The first story is about Kick-Ass (Aaron Johnson), the eponymous hero. An invisible high school student by day named Dave, he takes it upon himself to dress up and fight crime. All he has is a costume - his fighting skills leave much to be desired, and he never does figure out that body armor might be a good idea. After a disastrous first experience that leaves him in a hospital, during his second encounter, defending an outnumbered man from gang members, he earns internet fame when a video of the fight is uploaded onto Youtube. His weapons are non-lethal, and his standing up to the bad guys is heroic. This is the romantic, sweet story - the goofy guy who wants to be a hero and also wants to win the girl of his dreams. Of course you know he's going to wind up in over his head, but that he will find a way to grow and win the battle and the girl.

The second story is a powerful tale of revenge that belongs in the martial arts milieu. Big Daddy (Nicolas Cage) and his protégé and daughter Hit Girl (Chloe Moretz, a name to remember) have a beef with the town's drug lord, a truly vile mafia don named D'Amico. Unlike Kick-Ass, they are up against real killers and their weapons are lethal - guns, knives, grenades etc. When they hit they leave piles of bodies on the floor. When they catch Kick-Ass' heroics on the web they don their own costumes, and Kick-Ass becomes intrinsically involved with them.

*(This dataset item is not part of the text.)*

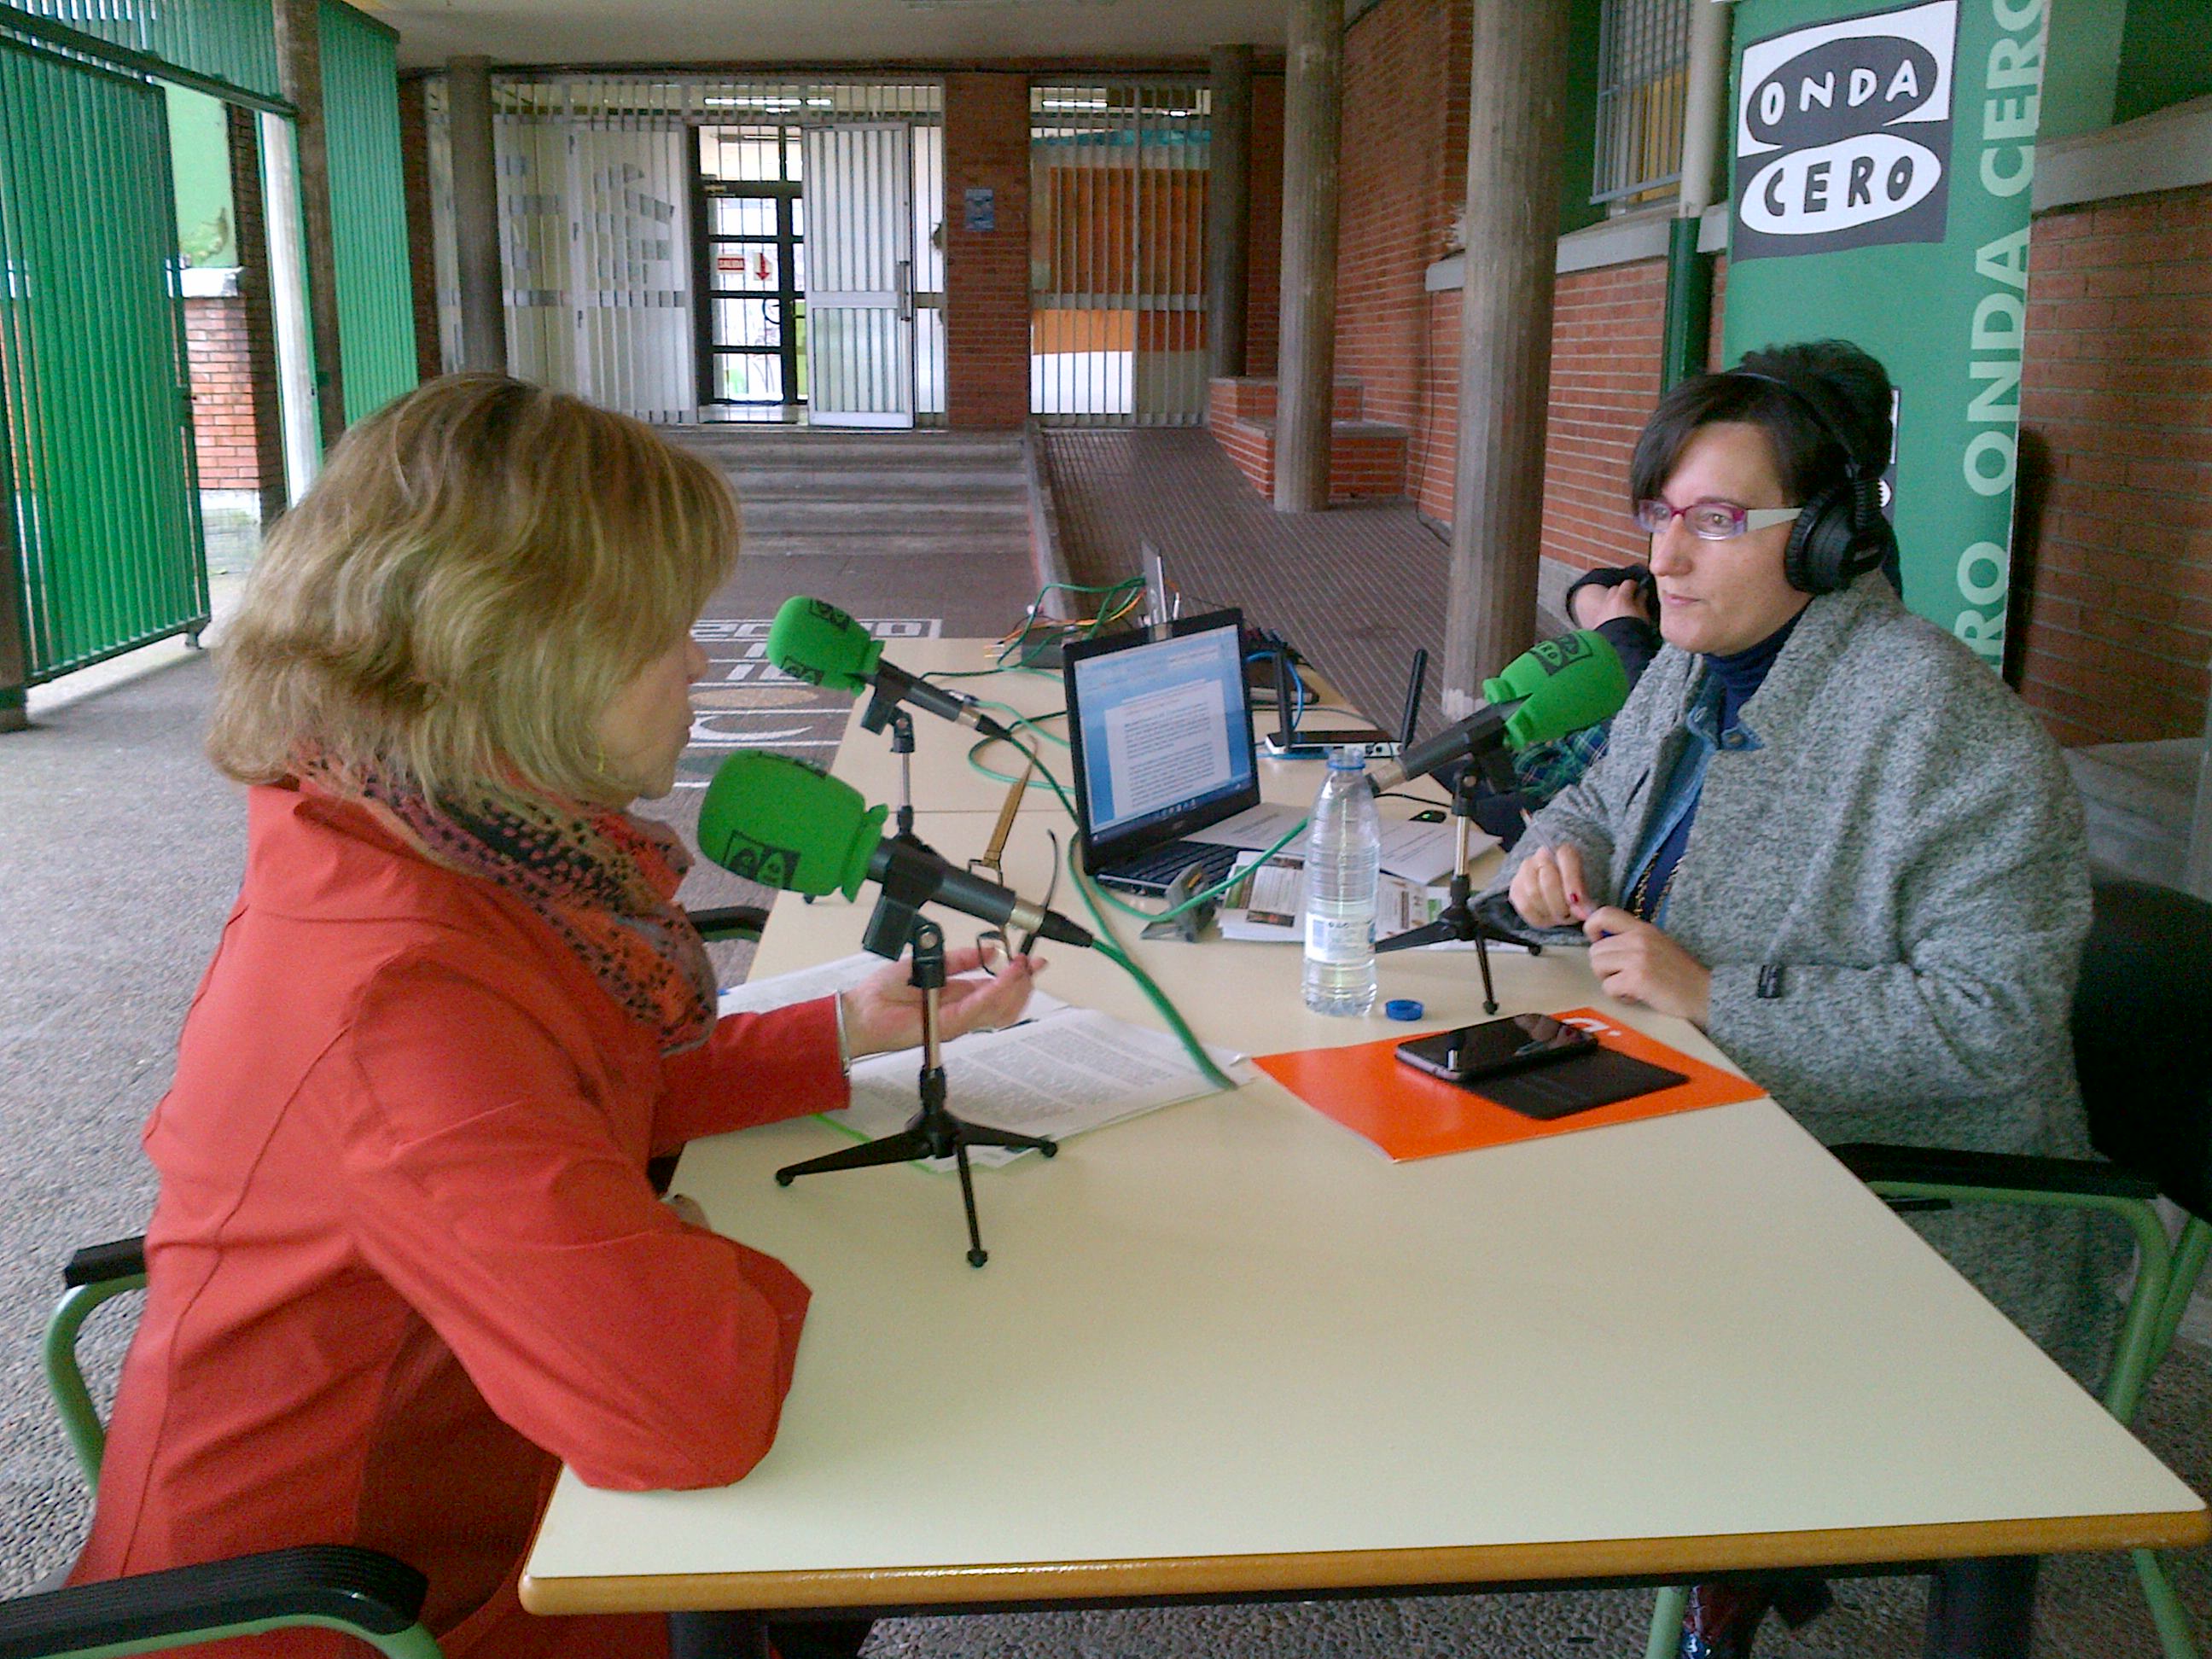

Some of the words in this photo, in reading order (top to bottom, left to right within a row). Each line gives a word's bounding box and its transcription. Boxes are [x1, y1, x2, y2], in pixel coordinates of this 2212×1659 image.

The film's problem is that these two stories don't mix well. Watching Aaron Johnson's likable Dave try to earn his wings in an improvised scuba suit is winning and fun. Watching Hit Girl, an 11-year old in a purple wig and tights, administer head shots to ten bad guys in the space of sixty seconds is well done and exciting. But what the hell is sweet, goofy Dave, who when he is not Kick-Ass pretends he is gay to give the gorgeous girl he is in love with rub-downs, doing in the middle of this? Even Dave doesn't know, and as a result he literally tries to exit his own story. However the machinations of mafia don, and his known relationship with Big Daddy and Hit Girl, keep dragging him back in.

Kick Ass is a very well made film, and the climax is exciting and dramatic. All of the leads give excellent performances, especially Moretz and Cage, who have a touching, twisted daughter-father relationship. The writing is smart and witty, such as when Dave finally decides to don his Kick Ass costume and confront some thieves: "I reached the point, like all serial killers, that it was time to stop fantasizing about it and just do it", but nonetheless the film doesn't switch gears well. When it goes from being Can't Buy Me Love with a goofy costume to Kill Bill, there's nothing in between.

Furthermore, the script doesn't give Kick Ass the growth he needs to sufficiently meld with the story of Hit Girl and Big Daddy. When he finally accepts that he will have to partake of the violence that he has been trying to avoid, it is not because of internal growth, but the machinations of supporting characters that drag him back in. The story would have felt fuller had Dave decided to join Hit Girl and Big Daddy because of something that drove him from inside, rather than being thrust into the middle of it.

I do recommend Kick Ass, because it is exceptionally well made. The dialogue is funny, the action scenes are exciting, and the performances are great. But I don't think it will enter the pantheon of great cult movies that it aspires to, for the reasons given above, but it is worth seeing.